Menurut Kepala DPAPMK Kota Depok Nessi Annisa Handari, pemerintah tengah berupaya untuk naik kategori dari nindya menjadi utama. Semua ini menurutnya untuk memenuhi perlindungan terhadap anak, “termasuk anak silver.”
“Semoga bisa berkurang dan kalau bisa menghilang,” ujarnya kepada reporter Tirto, Jumat.
Sampai saat ini belum ada angka pasti jumlah anak-anak yang terlibat “nyilver”, sebab tidak semua dari mereka menetap di satu tempat. DPAPMK Kota Depok masih menggunakan data hasil penertiban Satpol PP. “Tapi kami terus gali apa yang dibutuhkan orang tua dan anak-anak. Ini yang jadi tugas kami di lapangan.”
“Saya Suka Beat”
Awan mendung beriringan dengan angin kencang, tapi Pandu dan Teguh tetap tegap. Mereka masih saja mematung di depan barisan mobil sembari bergaya hormat.
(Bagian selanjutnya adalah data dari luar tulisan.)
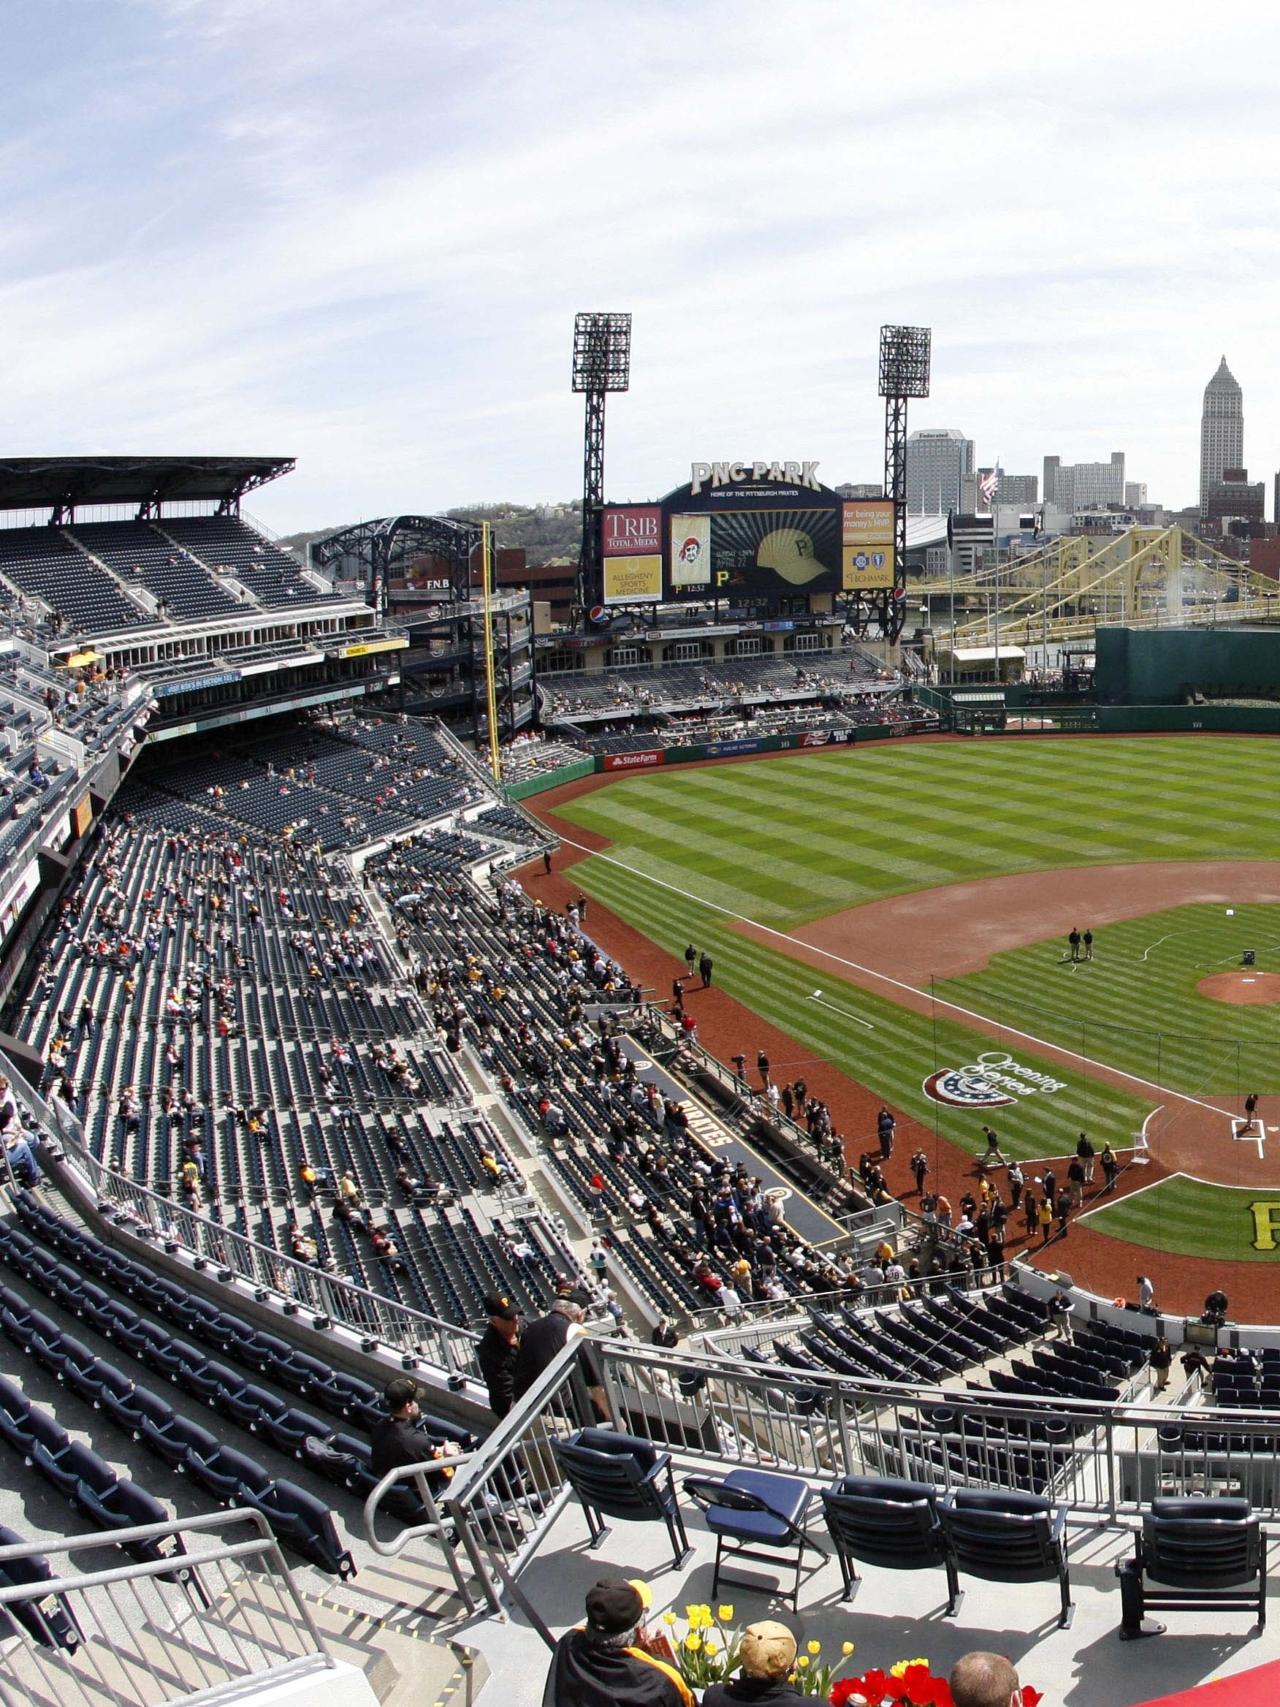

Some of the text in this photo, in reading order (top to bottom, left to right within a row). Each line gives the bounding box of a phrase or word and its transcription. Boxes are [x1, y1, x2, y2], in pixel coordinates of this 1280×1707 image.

Sekian detik kemudian, mereka berkeliling dari satu mobil ke mobil lain hingga lampu lalu lintas berubah hijau. Entah ada berapa uang yang masuk ke dalam kaleng. Yang jelas tampang mereka semringah.
“Kagak bisa jadi badut, susah perlu joget dulu. Kalau manusia silver tinggal matung, mintain [uang]. Udah gitu doang,” ujar Pandu menjelaskan pilihannya menjadi manusia silver ketimbang badut--yang juga dapat dengan mudah ditemui di Depok.
Ayah dan ibu mereka merupakan badut berkostum karakter tokoh animasi. Terkadang mereka berbagi tempat mangkal. “Badut BoBoBoiy, kalau kaga Marsha [and the Bear]. Kostumnya punya sendiri dong,” katanya membanggakan diri.
Pandu dan Teguh sudah tidak lagi bersekolah. Pandu berakhir di kelas 6. Ia tidak naik kelas. Teguh hanya bertahan sampai kelas 2 SD. Mereka mendaku masih tertarik untuk melanjutkan sekolah namun belum tahu kapan.
“Tunggu saya berhenti ginian [nyilver]. Sampe udah punya motor [Honda] Beat, saya suka Beat,” tandas Pandu.